Dataset records
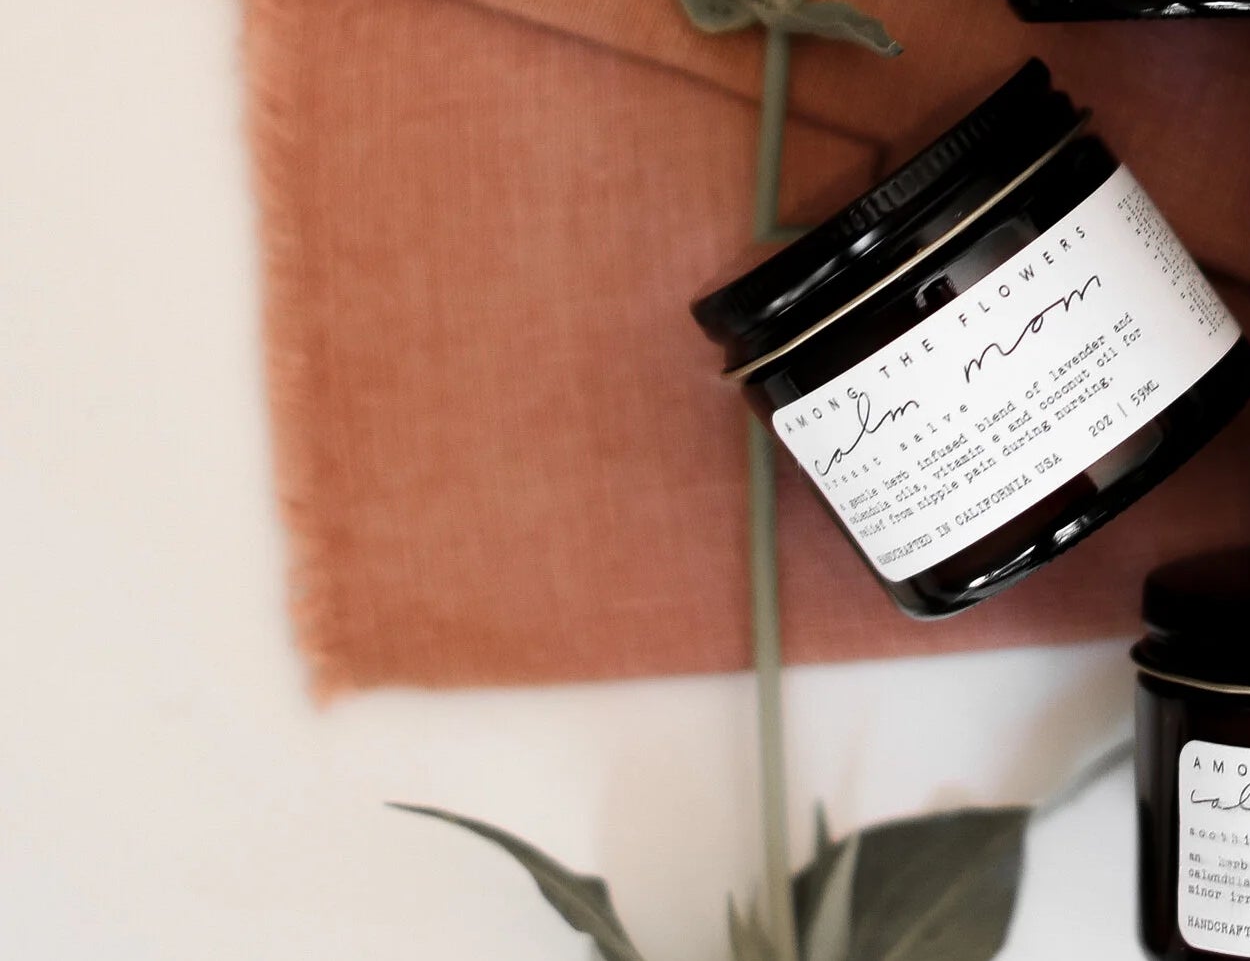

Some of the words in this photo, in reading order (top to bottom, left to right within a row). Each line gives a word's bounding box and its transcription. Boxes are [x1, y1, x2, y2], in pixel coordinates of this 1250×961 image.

[785, 386, 858, 433] AMONG
[878, 338, 934, 378] THE
[958, 225, 1085, 327] FLOWERS
[814, 391, 919, 476] calm
[963, 275, 1101, 383] mom
[882, 469, 910, 490] herb
[917, 432, 968, 471] infused
[974, 400, 1016, 433] blend
[1024, 379, 1041, 400] of
[1048, 335, 1112, 381] lavender
[1113, 311, 1133, 333] and
[932, 444, 985, 479] vitamin
[990, 432, 1001, 444] e
[1007, 409, 1032, 432] and
[1039, 368, 1090, 410] coconut
[1096, 346, 1118, 367] oil
[1122, 327, 1141, 346] for
[899, 404, 968, 451] salve
[916, 480, 959, 510] nipple
[963, 457, 996, 484] pain
[1002, 419, 1051, 456] during
[1053, 376, 1113, 420] nursing.
[935, 521, 951, 538] IN
[954, 474, 1032, 526] CALIFORNIA
[1034, 453, 1062, 474] USA
[1130, 379, 1159, 406] 59ML
[1187, 882, 1222, 899] minor

## Action item
Write every entry out again exactly, images omitted.

## Output
Some of the words in this photo, in reading order (top to bottom, left to right within a row). Each line gives a word's bounding box and its transcription. Boxes are [x1, y1, x2, y2], in pixel coordinates of this 1250×961 image.

[785, 386, 858, 433] AMONG
[878, 338, 934, 378] THE
[958, 225, 1085, 327] FLOWERS
[814, 391, 919, 476] calm
[963, 275, 1101, 383] mom
[882, 469, 910, 490] herb
[917, 432, 968, 471] infused
[974, 400, 1016, 433] blend
[1024, 379, 1041, 400] of
[1048, 335, 1112, 381] lavender
[1113, 311, 1133, 333] and
[932, 444, 985, 479] vitamin
[990, 432, 1001, 444] e
[1007, 409, 1032, 432] and
[1039, 368, 1090, 410] coconut
[1096, 346, 1118, 367] oil
[1122, 327, 1141, 346] for
[899, 404, 968, 451] salve
[916, 480, 959, 510] nipple
[963, 457, 996, 484] pain
[1002, 419, 1051, 456] during
[1053, 376, 1113, 420] nursing.
[935, 521, 951, 538] IN
[954, 474, 1032, 526] CALIFORNIA
[1034, 453, 1062, 474] USA
[1130, 379, 1159, 406] 59ML
[1187, 882, 1222, 899] minor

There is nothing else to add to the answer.